The SDR interest rate now exceeds 3% on global policy tightening—and above 6% including surcharges; for Argentina, this means paying more on IMF support than the coupon yield on restructured debt;
The latest IMF report projects Argentina will pay in excess of USD20bn on this support over the next decade, nearly double that projected less than 12 months ago—a heady amount for a country living on the edge;
Official interest relief on this burden will be necessary—at some point.
JUST AS a growing list of countries turn to the IMF for balance of payments support in the post-pandemic world, the cost of such official support is becoming increasingly unwieldy—as developed market central banks continue to tighten monetary policy.
Indeed, the fact that the IMF lends at a variable rate linked to the global monetary cycle is something that is seldom remarked. But it could decide the fate of a number of frontier market countries in coming years—debt distress or recovery?
But what is this variable rate?
The weekly SDR rate, taken from the IMF website, is shown in the chart below. This chart begins in 1983, although data is available quarterly, prior to this, back to 1969, but not shown.

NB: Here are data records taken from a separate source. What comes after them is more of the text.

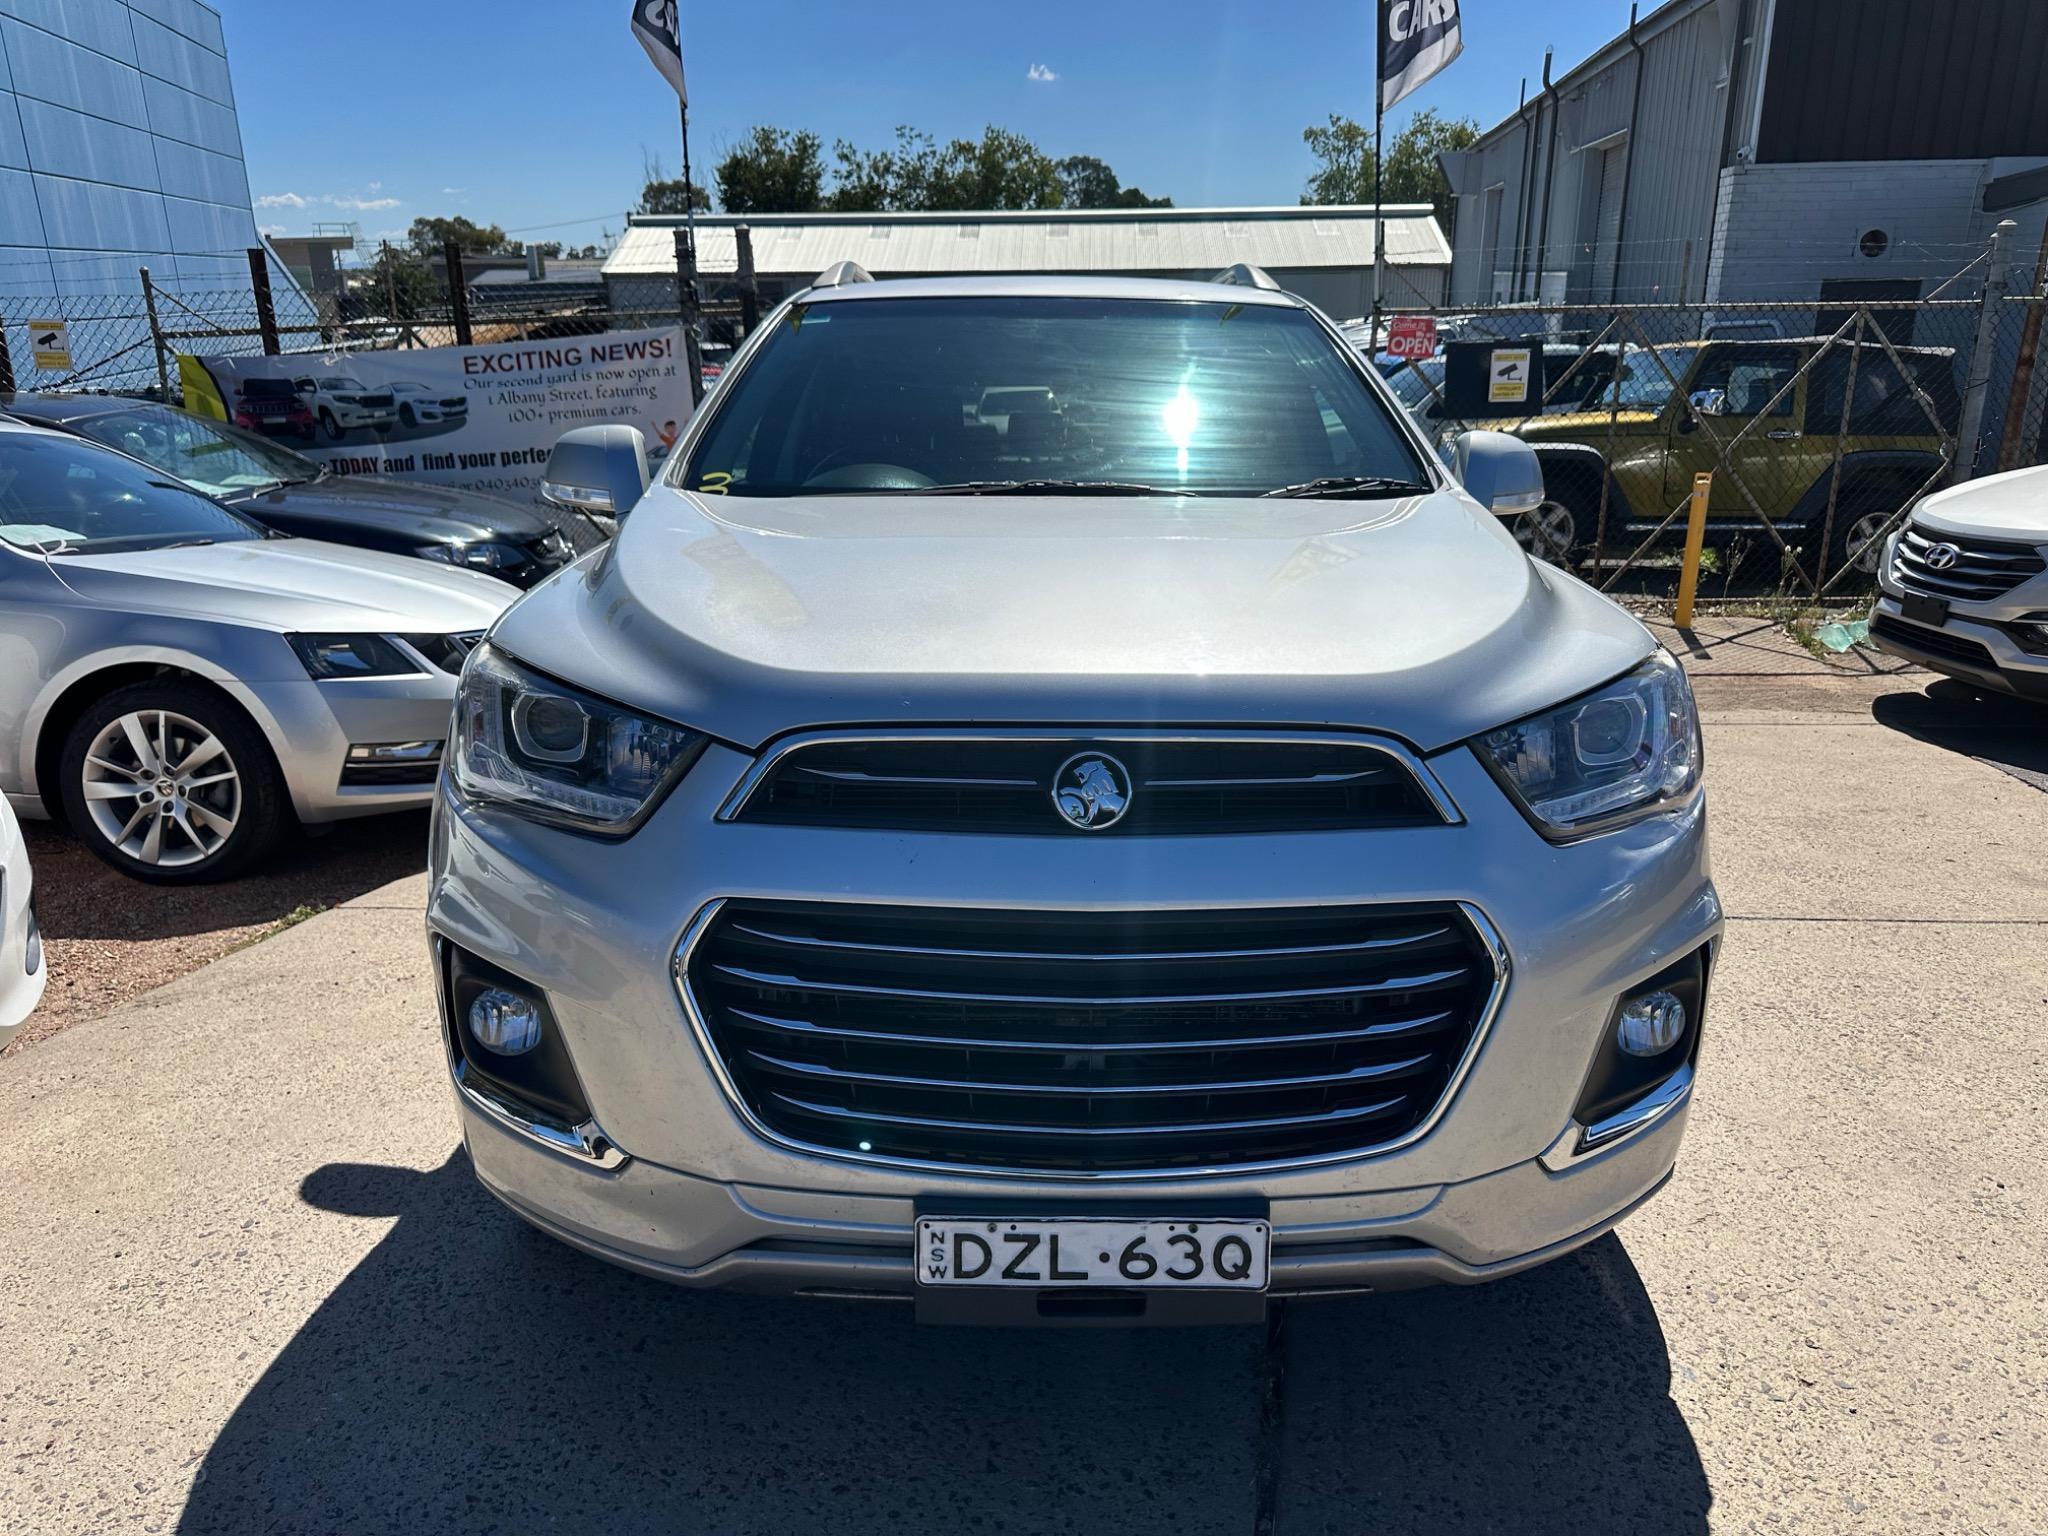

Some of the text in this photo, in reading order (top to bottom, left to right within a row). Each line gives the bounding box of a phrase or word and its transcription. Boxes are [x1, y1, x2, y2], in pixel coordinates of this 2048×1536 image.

[1389, 0, 1456, 41] CARS
[464, 338, 673, 375] EXCITING NEWS!
[1390, 336, 1434, 354] OPEN
[464, 364, 676, 390] Our second yard is now open at
[499, 390, 546, 406] Albany
[596, 383, 658, 400] featuring
[549, 405, 608, 424] premium
[611, 404, 642, 417] cars.
[329, 457, 379, 475] TODAY
[383, 455, 416, 472] and
[422, 452, 456, 471] find
[458, 452, 496, 470] your
[928, 1231, 947, 1279] NSW

A number of things stand out.
First, the peak SDR rate has been typically below the prior peak as the global cycle has ebbed and flowed—but the average interest has drifted lower. However, unusually, this cycle has seen the SDR rate increased to above 3%—well above the post-GFC peak—and likely has further to run.

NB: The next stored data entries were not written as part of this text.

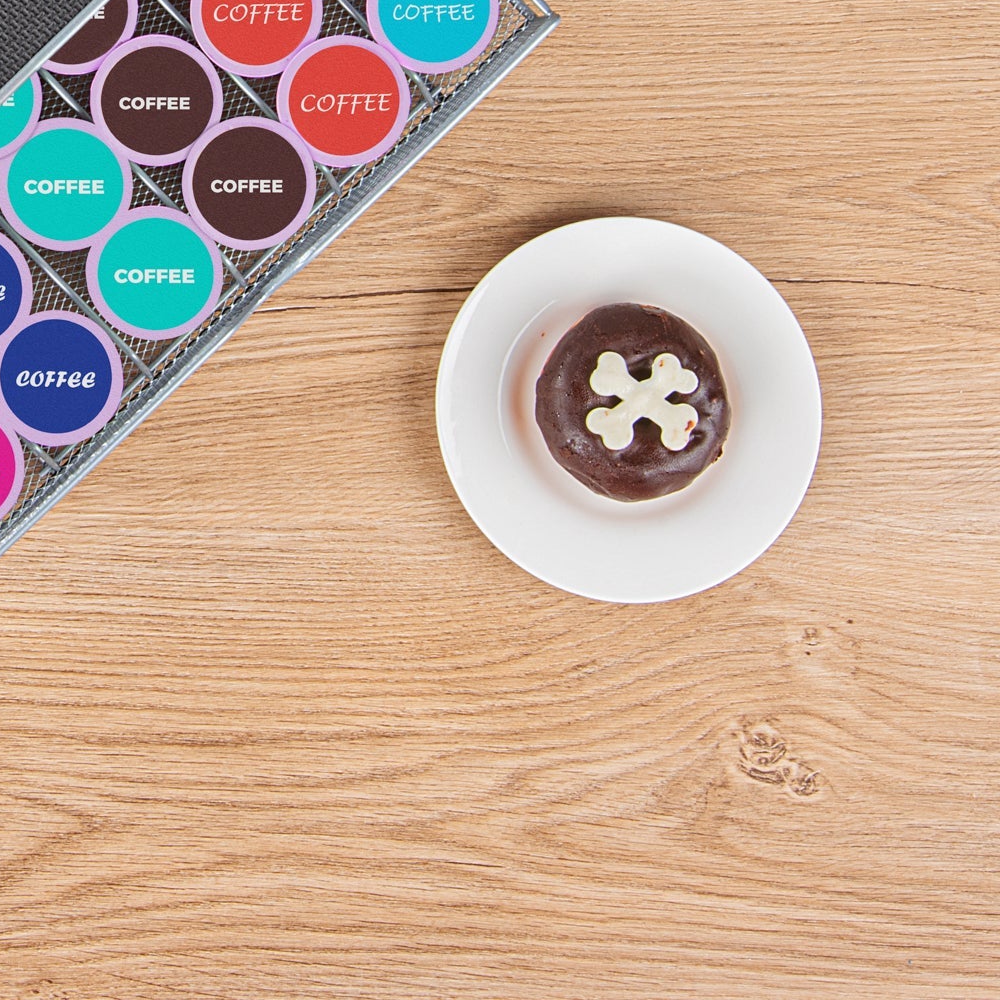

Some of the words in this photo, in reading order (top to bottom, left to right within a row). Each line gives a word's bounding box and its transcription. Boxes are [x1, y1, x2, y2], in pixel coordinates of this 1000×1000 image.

[213, 3, 305, 25] COFFEE
[392, 3, 475, 23] COFFEE
[118, 96, 191, 111] COFFEE
[300, 93, 392, 115] COFFEE
[23, 179, 105, 195] COFFEE
[210, 179, 284, 194] COFFEE
[113, 268, 195, 284] COFFEE
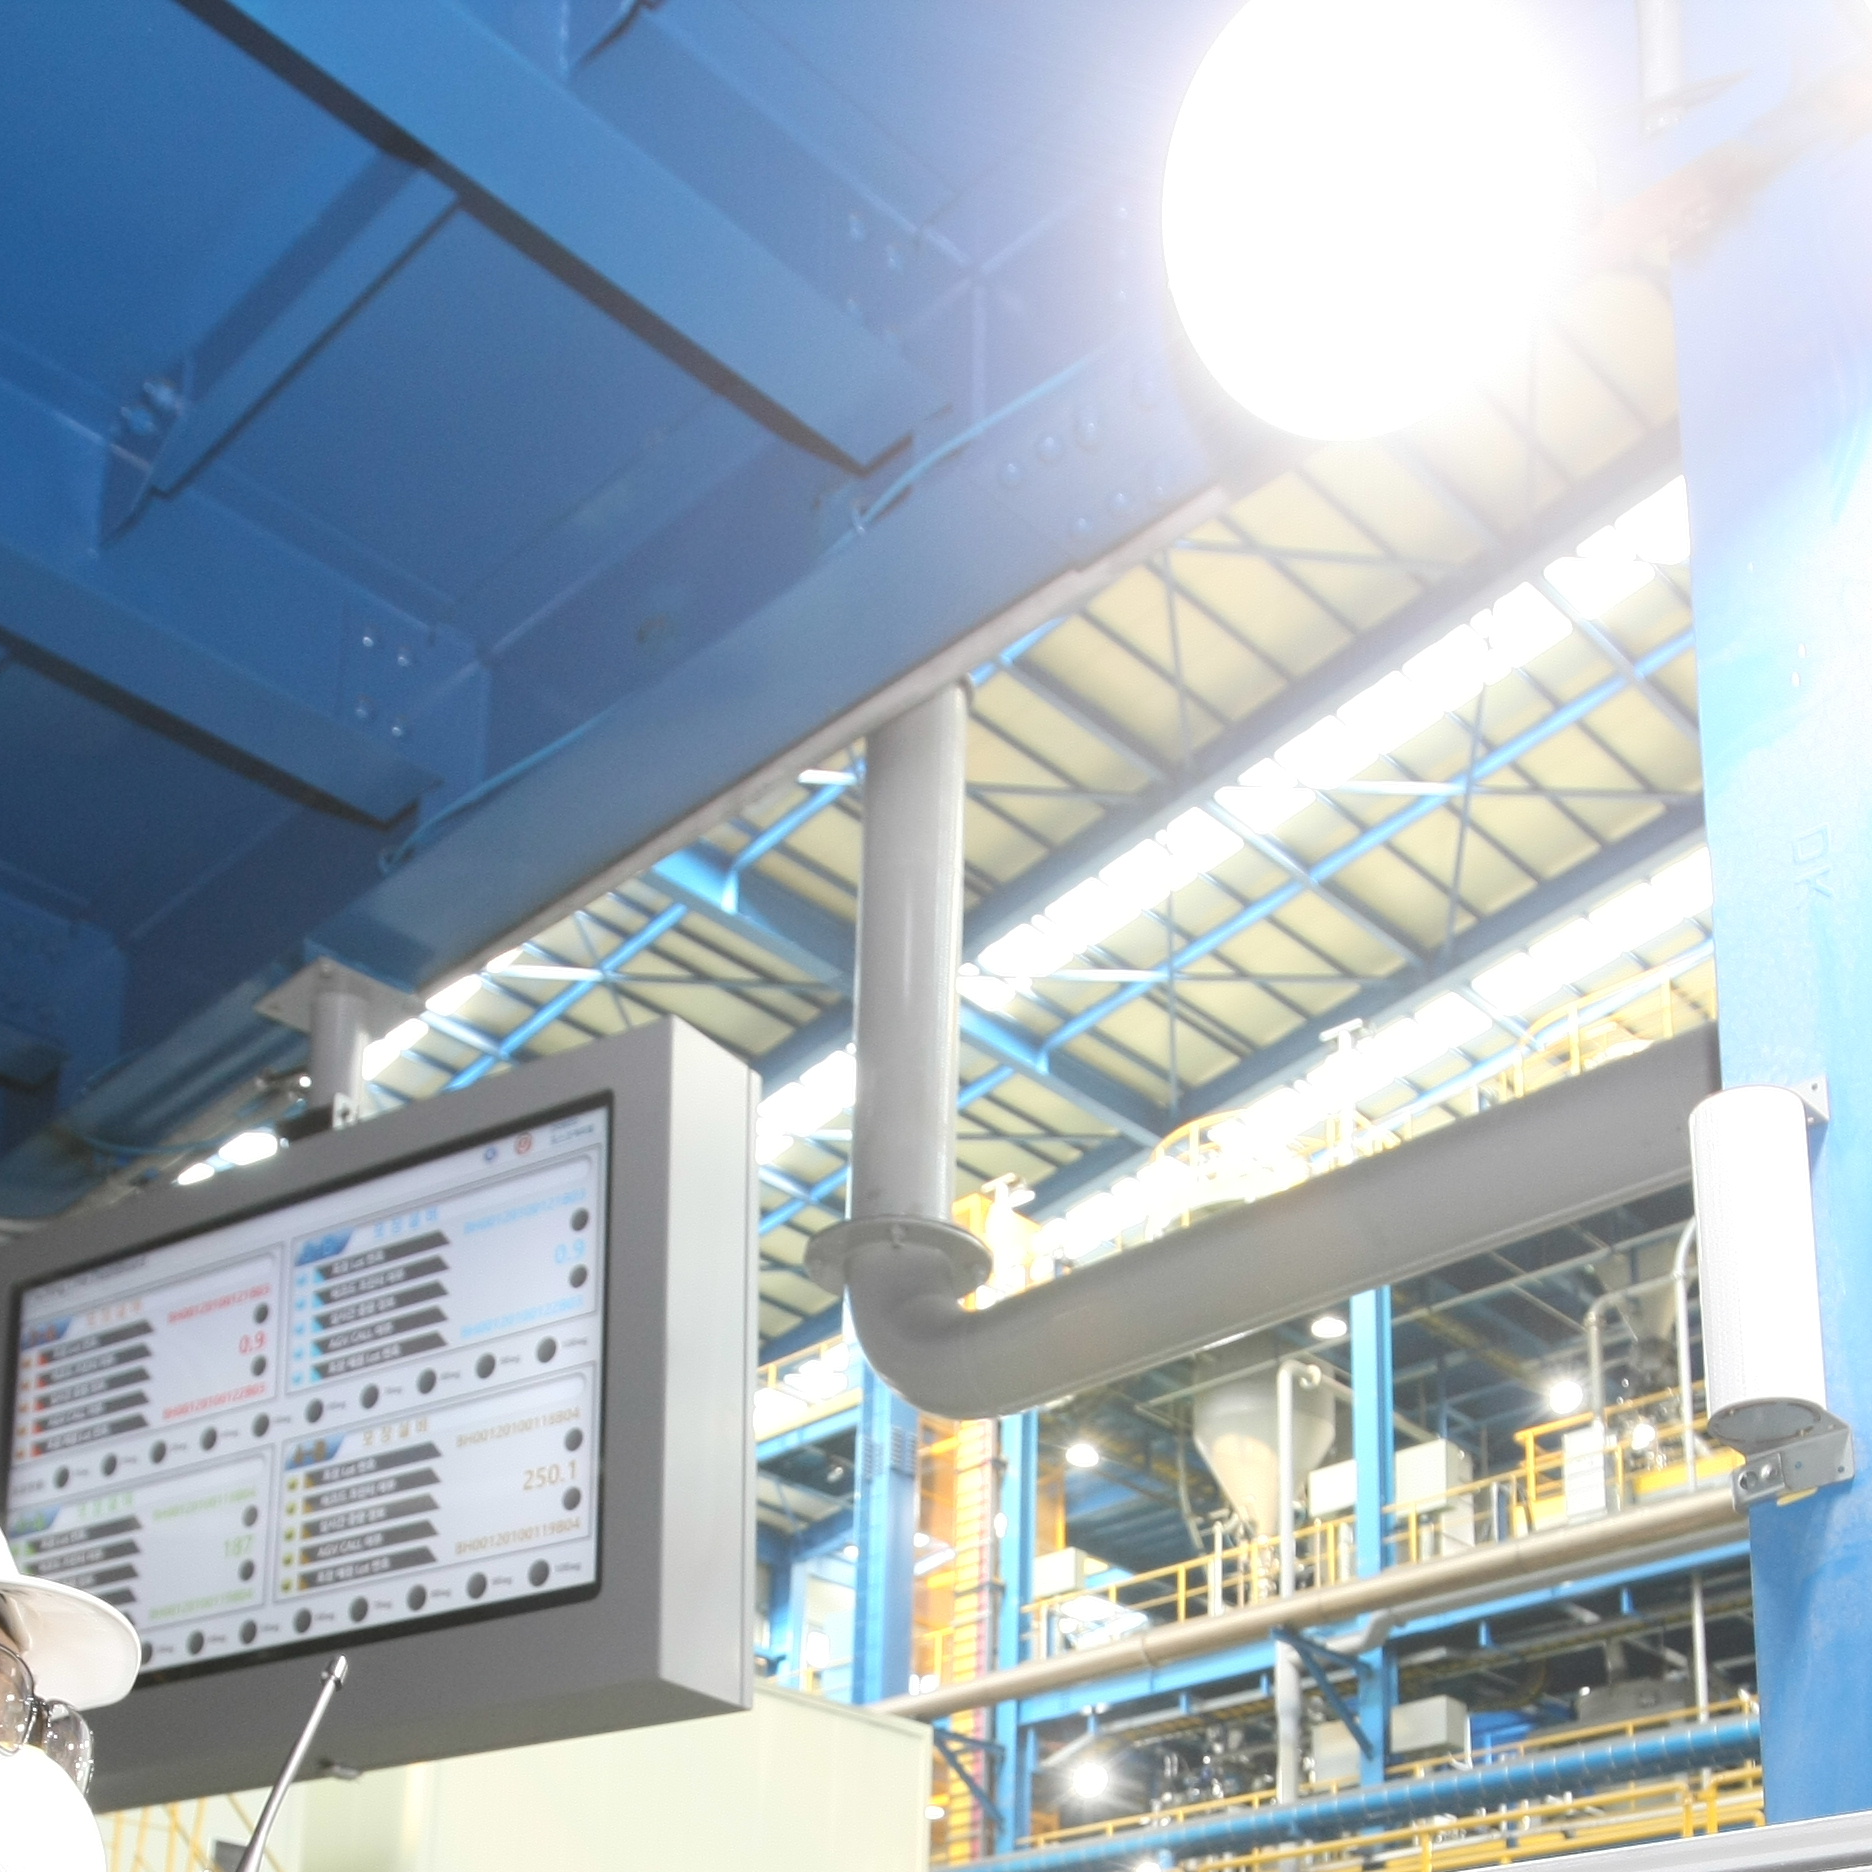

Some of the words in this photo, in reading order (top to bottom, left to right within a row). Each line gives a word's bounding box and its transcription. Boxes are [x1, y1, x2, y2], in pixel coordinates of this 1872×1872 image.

[554, 1238, 587, 1265] 0.9
[239, 1330, 267, 1355] 0.9
[522, 1459, 579, 1492] 250.1

Second, there is an additional charge for large borrowers. Indeed, for those accessing above (roughly) twice quota, an extra 200bps surcharge is applied—and for those borrowing for more than 3 years another 100bps is added.
This (combined) surcharge of 300bps is shown at the end point of the chart.
For those countries borrowing for extended periods and multiples of quota, the marginal interest on IMF borrowing (“purchases”) now exceeds 6%.
A useful list of countries subject to the surcharge (in one form or another) from roughly a year ago is provided here.
But more than any other country, this means the interest rate charged to the world’s leading deadbeat borrower, Argentina, is now above 6% and rising.
We discussed Argentina’s puzzling debt buyback proposal earlier this week. Lowering the SDR rate would be far more consequential for sustainability—but we’ll come back to this point.